**DATASET**
○ ○ ○ ○ ○ ○ ○
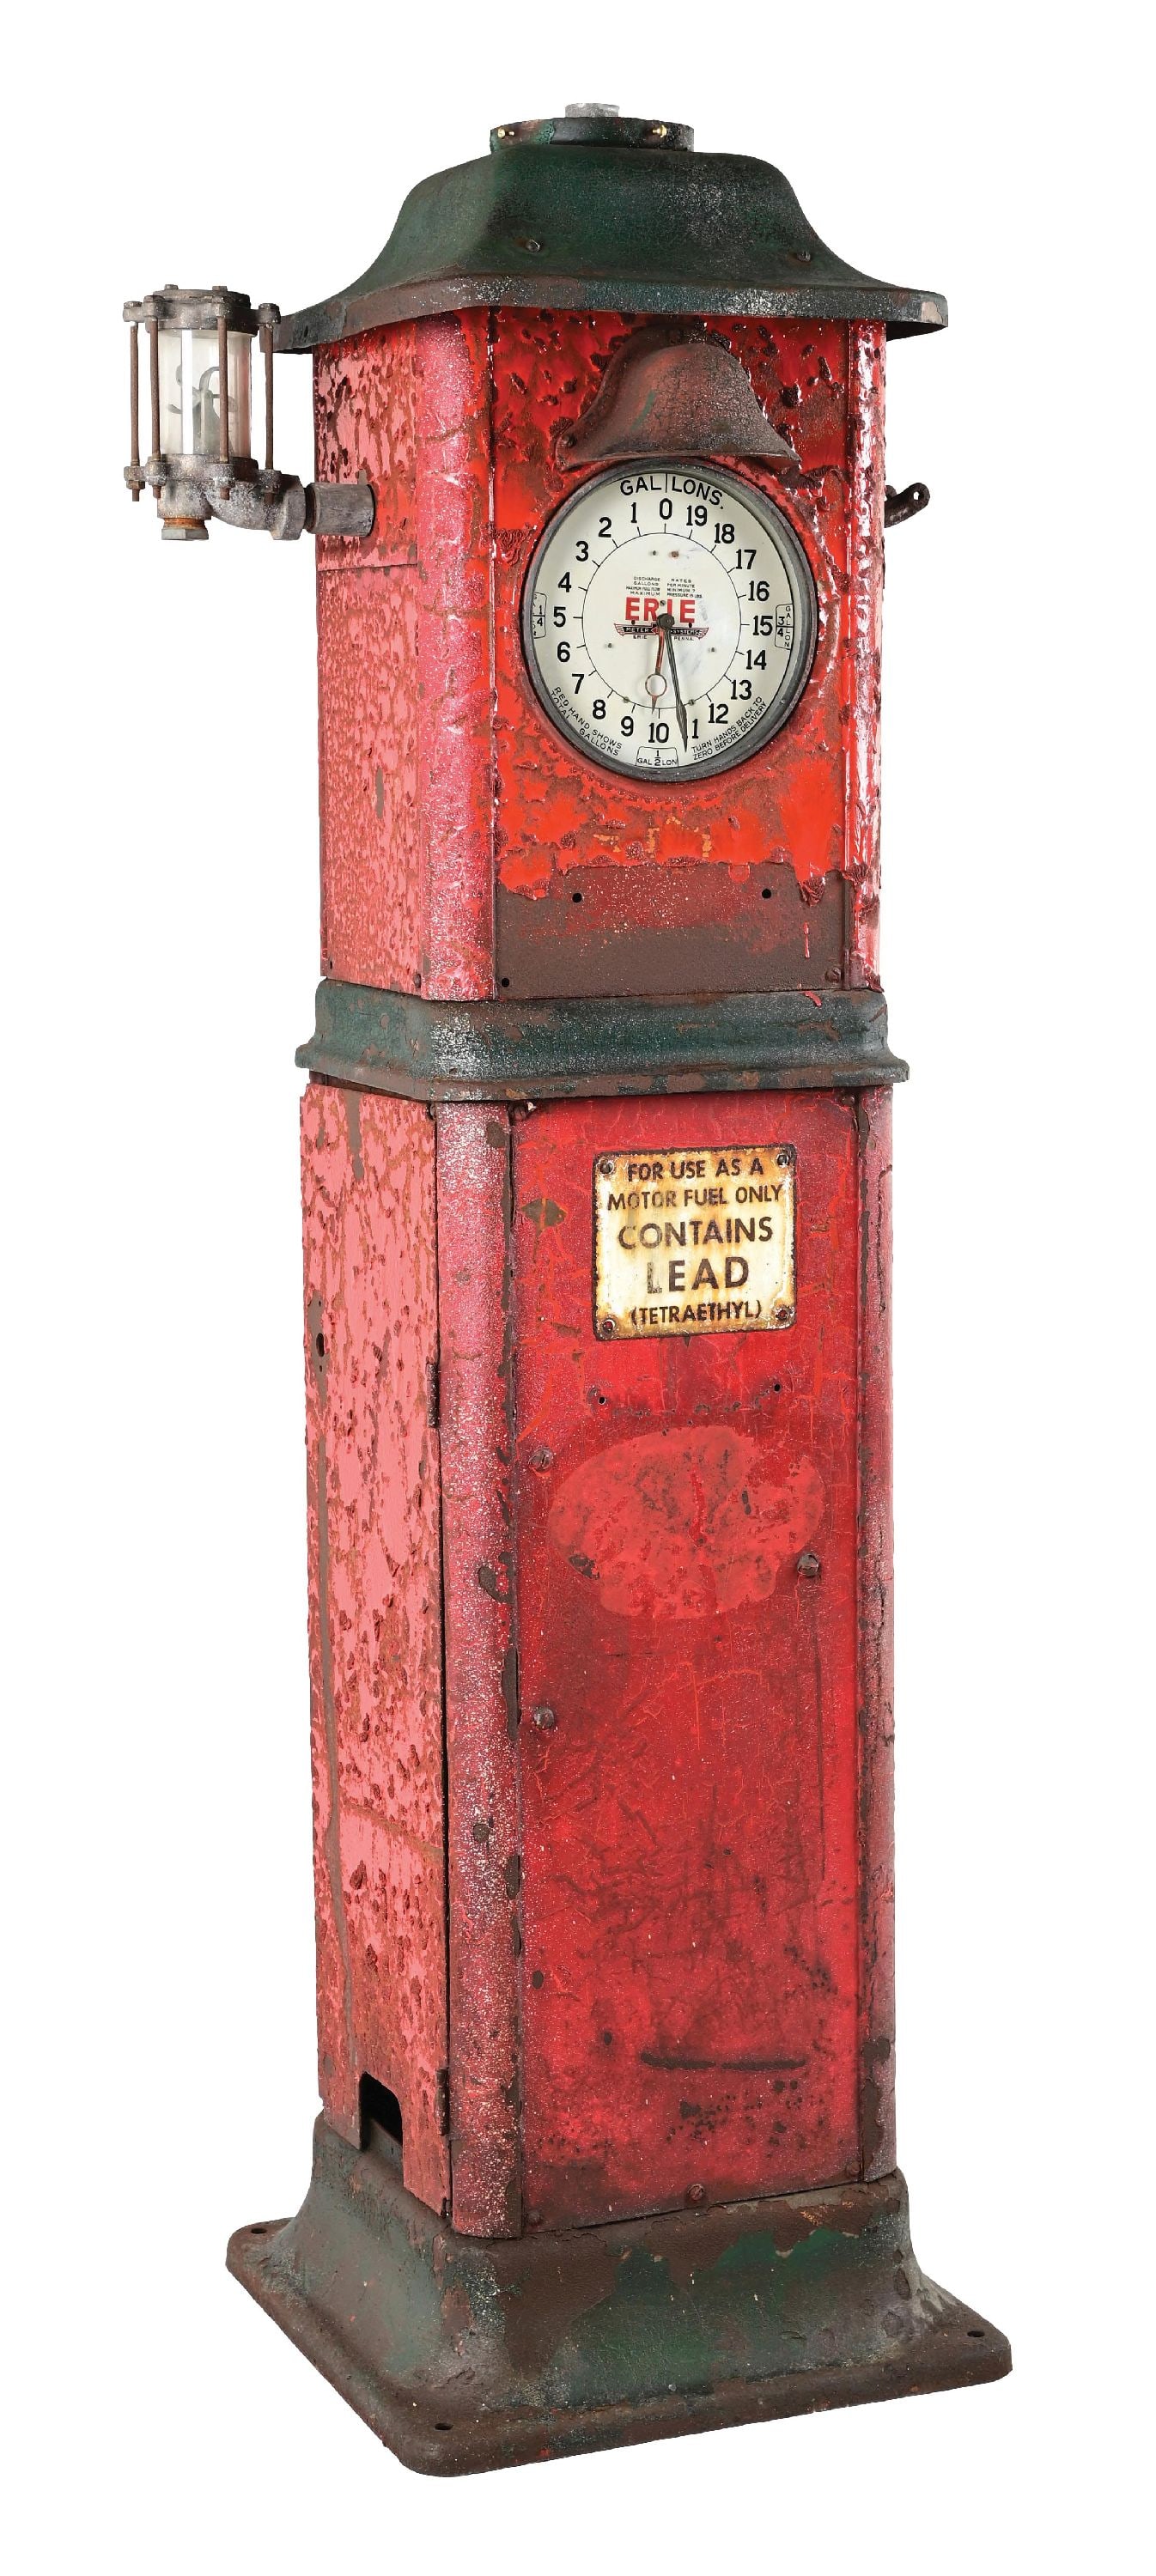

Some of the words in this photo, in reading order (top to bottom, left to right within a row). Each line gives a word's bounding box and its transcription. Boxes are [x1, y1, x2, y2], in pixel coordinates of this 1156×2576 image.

[630, 502, 637, 524] 1
[659, 498, 672, 519] 0
[686, 505, 708, 526] 19
[598, 517, 611, 538] 2
[715, 523, 735, 544] 18
[575, 541, 589, 562] 3
[735, 550, 757, 569] 17
[558, 572, 571, 592] 4
[748, 580, 770, 601] 16
[553, 606, 566, 627] 5
[625, 597, 695, 623] ERIE
[753, 616, 773, 635] 15
[557, 641, 570, 662] 6
[745, 649, 767, 670] 14
[572, 674, 584, 694] 7
[731, 679, 751, 700] 13
[554, 687, 569, 706] RED
[569, 708, 590, 729] HAND
[592, 729, 623, 749] SHOWS
[593, 699, 606, 720] 8
[708, 703, 729, 724] 12
[621, 716, 634, 737] 9
[648, 722, 669, 744] 10
[691, 740, 712, 753] TURN
[714, 725, 736, 744] HANDS
[736, 707, 755, 726] BACK
[753, 696, 763, 707] TO
[693, 748, 713, 761] ZERO
[715, 731, 741, 751] BEFORE
[740, 702, 767, 732] DELIVERY
[579, 728, 619, 756] GALLONS
[627, 1161, 664, 1182] FOR
[671, 1160, 706, 1179] USE
[715, 1158, 740, 1177] AS
[750, 1157, 764, 1176] A
[607, 1190, 677, 1211] MOTOR
[684, 1188, 728, 1206] FUEL
[735, 1184, 782, 1204] ONLY
[618, 1216, 773, 1249] CONTAINS
[647, 1256, 749, 1294] LEAD
[631, 1300, 762, 1326] (TETRAETHYL)
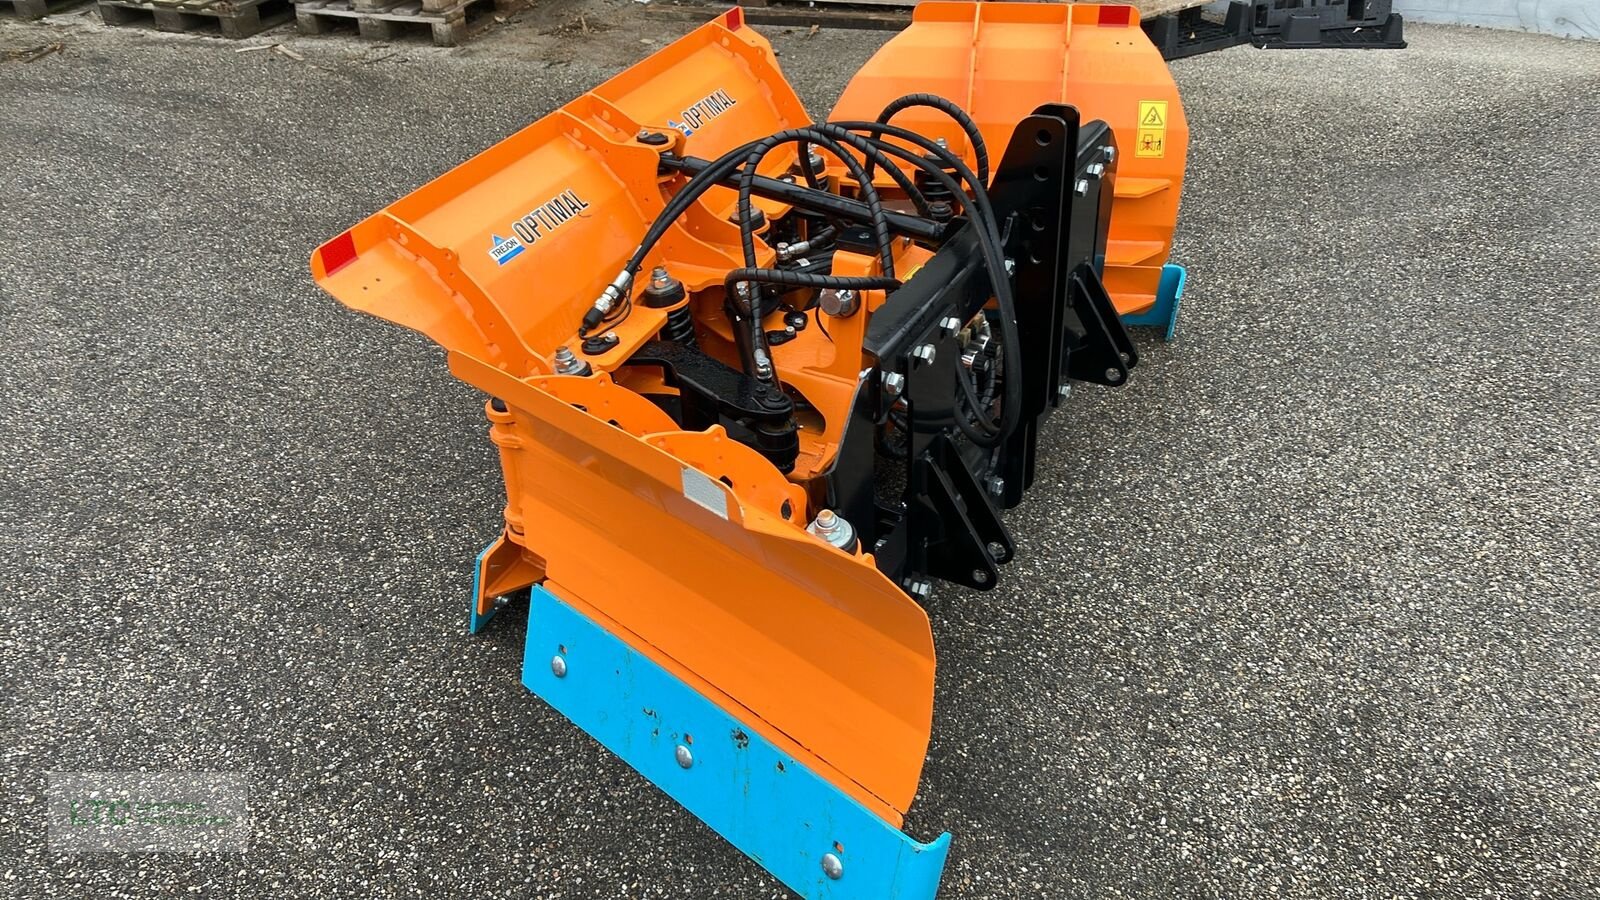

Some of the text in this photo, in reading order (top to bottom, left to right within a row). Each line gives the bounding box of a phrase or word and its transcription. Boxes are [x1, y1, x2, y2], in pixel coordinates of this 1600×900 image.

[682, 88, 737, 129] OPTIMAL
[491, 189, 589, 258] TREJON OPTIMAL
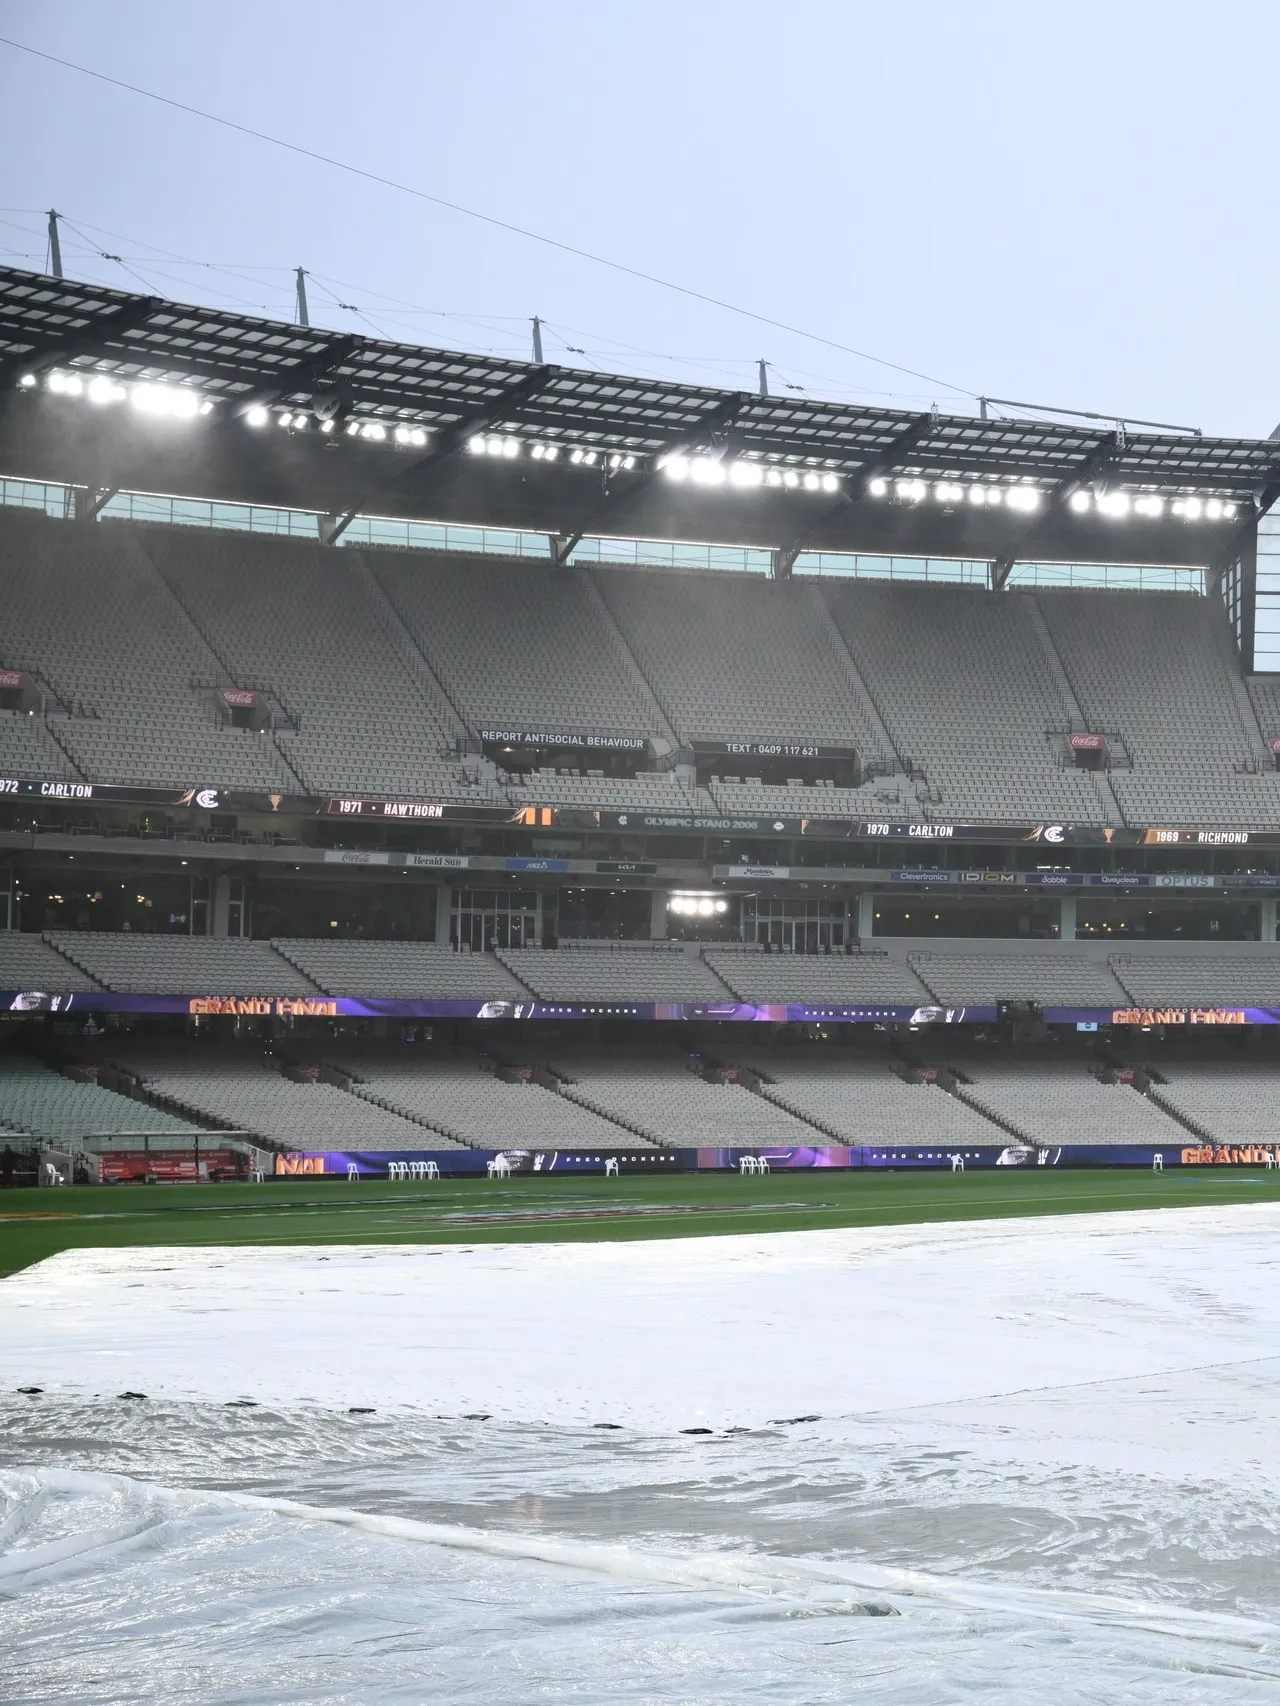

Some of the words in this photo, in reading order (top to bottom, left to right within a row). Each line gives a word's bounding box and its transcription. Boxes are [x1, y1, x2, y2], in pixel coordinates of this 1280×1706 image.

[482, 730, 523, 742] REPORT
[525, 733, 585, 745] ANTISOCIAL
[587, 736, 644, 748] BEHAVIOUR
[1072, 737, 1098, 746] Coca-Cola
[726, 743, 752, 753] TEXT
[758, 744, 782, 754] 0409
[785, 746, 800, 755] 117
[802, 746, 819, 756] 621
[41, 782, 93, 798] CARLTON
[339, 801, 362, 813] 1971
[384, 803, 443, 817] HAWTHORN
[644, 816, 691, 827] OLYMPIC
[694, 818, 731, 829] STAND
[867, 824, 889, 835] 1970
[908, 825, 954, 837] CARLTON
[1156, 831, 1179, 842] 1969
[1198, 831, 1248, 843] RICHMOND
[414, 856, 442, 866] Herald
[444, 858, 461, 867] Sun
[900, 872, 948, 881] Clevertronics
[961, 873, 1015, 882] IDIOM
[1161, 876, 1209, 886] OPTUS
[190, 999, 271, 1014] GRAND
[276, 1001, 341, 1016] FINAL
[1112, 1010, 1186, 1024] GRAND
[1190, 1011, 1249, 1024] FINAL
[1181, 1148, 1268, 1164] GRAND
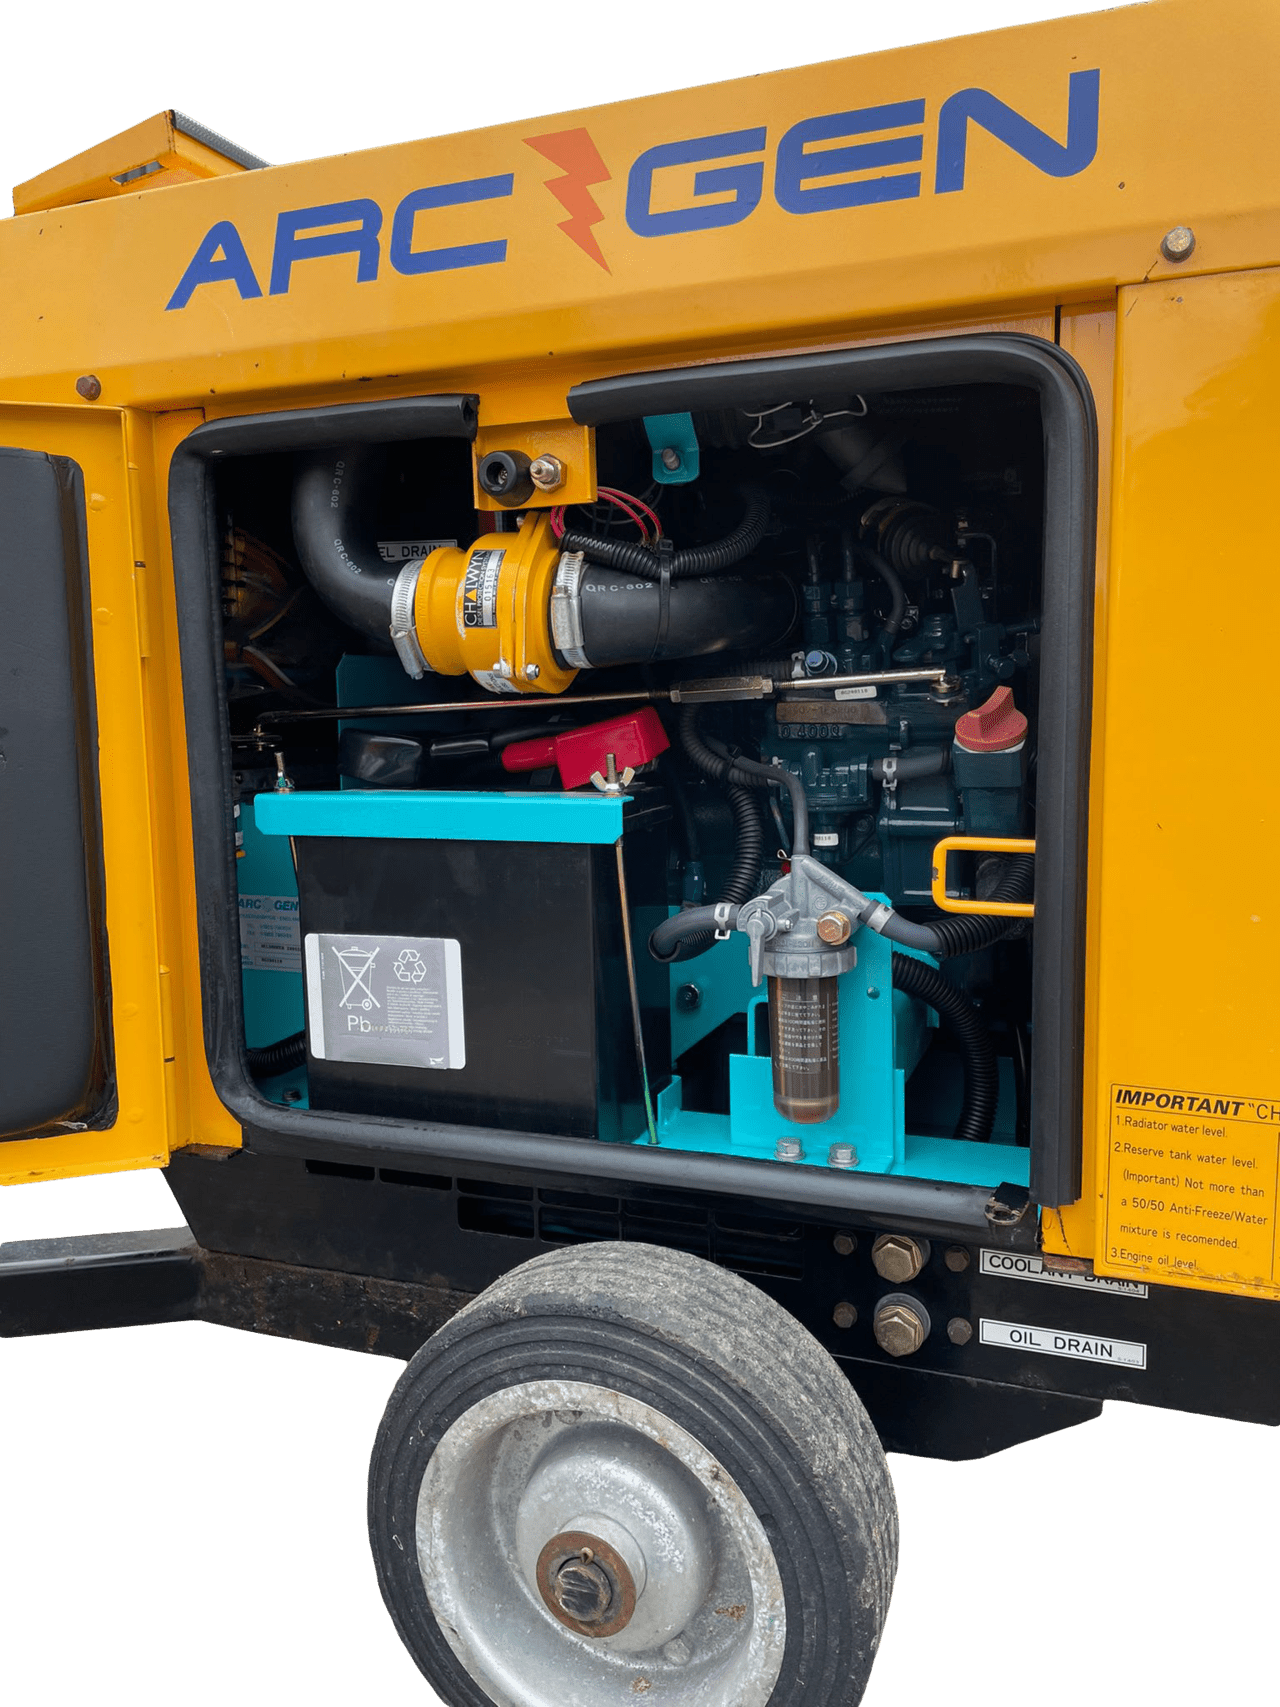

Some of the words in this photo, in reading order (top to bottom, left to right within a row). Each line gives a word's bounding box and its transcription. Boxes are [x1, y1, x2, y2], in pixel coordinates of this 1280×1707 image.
○ ○ ○ ○ ○ ○ ○
**AIM OF THE TASK**
Please transcribe exactly the lines from the one that contains "Some of the text" through the closing line of the entries, with no pictures.

**RESULT FOR THIS TASK**
Some of the text in this photo, in reading order (top to bottom, left to right within a row). Each line gives the bounding box of a phrase or word and its transcription. Boxes are [x1, y1, x2, y2], in pixel coordinates of this 1600×900 image.

[682, 88, 737, 129] OPTIMAL
[491, 189, 589, 258] TREJON OPTIMAL

Some of the words in this photo, in reading order (top to bottom, left to right within a row). Each line gives a word's bounding box and its transcription. Boxes are [x1, y1, x2, y2], in pixel coordinates of this 1280×1706 image.

[482, 730, 523, 742] REPORT
[525, 733, 585, 745] ANTISOCIAL
[587, 736, 644, 748] BEHAVIOUR
[1072, 737, 1098, 746] Coca-Cola
[726, 743, 752, 753] TEXT
[758, 744, 782, 754] 0409
[785, 746, 800, 755] 117
[802, 746, 819, 756] 621
[41, 782, 93, 798] CARLTON
[339, 801, 362, 813] 1971
[384, 803, 443, 817] HAWTHORN
[644, 816, 691, 827] OLYMPIC
[694, 818, 731, 829] STAND
[867, 824, 889, 835] 1970
[908, 825, 954, 837] CARLTON
[1156, 831, 1179, 842] 1969
[1198, 831, 1248, 843] RICHMOND
[414, 856, 442, 866] Herald
[444, 858, 461, 867] Sun
[900, 872, 948, 881] Clevertronics
[961, 873, 1015, 882] IDIOM
[1161, 876, 1209, 886] OPTUS
[190, 999, 271, 1014] GRAND
[276, 1001, 341, 1016] FINAL
[1112, 1010, 1186, 1024] GRAND
[1190, 1011, 1249, 1024] FINAL
[1181, 1148, 1268, 1164] GRAND

Some of the words in this photo, in reading order (top to bottom, left to right within a row). Each line gives a word's bounding box and its transcription. Boxes are [x1, y1, x2, y2], in pixel coordinates of this 1280×1707 image.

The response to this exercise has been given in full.